The Prominence Ratio is a technique designed to see if there are any aurally prominent tones in a signal. Primarily, the prominence ratio is applicable where we have a noise source with a few tones and we need an objective measure to assess if the tones are “prominent”. That is, to assess whether the tones are likely to be heard.

It is formally defined in ANSI S1.13-2005 “Measurement of Sound Pressure Levels in Air” for general use and in ECMA 74 9th Edition December 2005, “Measurement of Airborne Noise Emitted by Information Technology and Telecommunications Equipment” specifically for noise from computers and associated peripherals.
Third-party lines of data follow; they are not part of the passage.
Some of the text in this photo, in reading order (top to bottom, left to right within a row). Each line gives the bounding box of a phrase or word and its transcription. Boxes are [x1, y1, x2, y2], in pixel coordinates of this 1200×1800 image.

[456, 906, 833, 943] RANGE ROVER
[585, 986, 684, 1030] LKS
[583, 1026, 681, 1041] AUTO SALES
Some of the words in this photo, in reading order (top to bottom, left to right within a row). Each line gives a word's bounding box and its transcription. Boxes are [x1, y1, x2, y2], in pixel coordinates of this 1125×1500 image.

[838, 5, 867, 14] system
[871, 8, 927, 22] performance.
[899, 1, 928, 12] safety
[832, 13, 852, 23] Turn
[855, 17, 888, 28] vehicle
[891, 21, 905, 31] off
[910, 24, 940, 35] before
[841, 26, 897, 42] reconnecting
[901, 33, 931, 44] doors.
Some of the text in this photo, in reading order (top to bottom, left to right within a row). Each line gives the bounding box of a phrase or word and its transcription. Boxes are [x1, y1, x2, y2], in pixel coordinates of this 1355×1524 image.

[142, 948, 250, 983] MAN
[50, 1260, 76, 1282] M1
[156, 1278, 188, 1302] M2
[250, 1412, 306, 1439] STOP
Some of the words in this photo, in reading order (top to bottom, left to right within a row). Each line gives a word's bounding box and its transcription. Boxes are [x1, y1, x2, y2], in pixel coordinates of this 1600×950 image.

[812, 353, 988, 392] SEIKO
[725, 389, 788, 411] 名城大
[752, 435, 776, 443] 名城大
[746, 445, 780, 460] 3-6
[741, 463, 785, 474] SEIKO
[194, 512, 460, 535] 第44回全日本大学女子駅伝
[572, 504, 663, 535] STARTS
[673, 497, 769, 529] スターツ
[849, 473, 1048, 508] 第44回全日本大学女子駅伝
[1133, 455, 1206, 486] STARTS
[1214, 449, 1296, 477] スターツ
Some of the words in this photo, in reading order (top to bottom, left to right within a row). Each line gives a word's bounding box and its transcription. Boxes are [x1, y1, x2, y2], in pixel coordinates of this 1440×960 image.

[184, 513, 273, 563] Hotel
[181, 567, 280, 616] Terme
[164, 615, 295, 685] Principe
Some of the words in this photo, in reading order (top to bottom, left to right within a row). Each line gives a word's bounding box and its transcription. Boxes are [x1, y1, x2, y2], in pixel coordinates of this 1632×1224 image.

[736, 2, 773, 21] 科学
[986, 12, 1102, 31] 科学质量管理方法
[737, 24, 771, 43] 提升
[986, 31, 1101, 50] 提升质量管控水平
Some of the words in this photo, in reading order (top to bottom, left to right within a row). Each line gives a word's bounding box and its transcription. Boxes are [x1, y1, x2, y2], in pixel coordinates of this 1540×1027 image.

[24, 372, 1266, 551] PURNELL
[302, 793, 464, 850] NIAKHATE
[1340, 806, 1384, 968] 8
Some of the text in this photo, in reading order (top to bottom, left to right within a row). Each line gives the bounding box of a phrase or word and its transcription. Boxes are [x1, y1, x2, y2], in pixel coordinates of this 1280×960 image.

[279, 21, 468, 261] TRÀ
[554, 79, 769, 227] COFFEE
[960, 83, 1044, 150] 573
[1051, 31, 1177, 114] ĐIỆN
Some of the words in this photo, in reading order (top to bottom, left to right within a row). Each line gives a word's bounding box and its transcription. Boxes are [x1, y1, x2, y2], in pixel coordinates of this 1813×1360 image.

The considered view is that our hearing appears to assess sounds in frequency bandwidths. That is, the ear behaves like a bank of filters where, in general, the bandwidth of each filter increases with frequency. What this means is that two or more tones, spaced such that they are all in the same band, sound as if they are just one tone within that band; conversely two tones separated by more than a critical bandwidth are perceived as being separate. In a simplified form then the ear appears to “analyse” the sound into the “energy” in each band. This then forms the basis of the prominence ratio. We use the term “energy” as the measure is based on the square of the sound pressures, $X_p$, in three adjacent bands. If we denote these by $X_L$, $X_M$ and $X_U$ for the Lower, Middle and Upper bands respectively then the Prominence Ratio for the middle band, $PR_M$, is given by

$PR_M=\frac{X_M}{(X_L + X_U)/2}dB$

In the world of psychoacoustics there is debate over the width of each critical band. There is one measure of critical bandwidth in ERBs, associated with Moore, and another in Bark, associated with Zwicker. Figure 1 below shows these bandwidths plotted versus frequency together with some 1/Nth octave bandwidths.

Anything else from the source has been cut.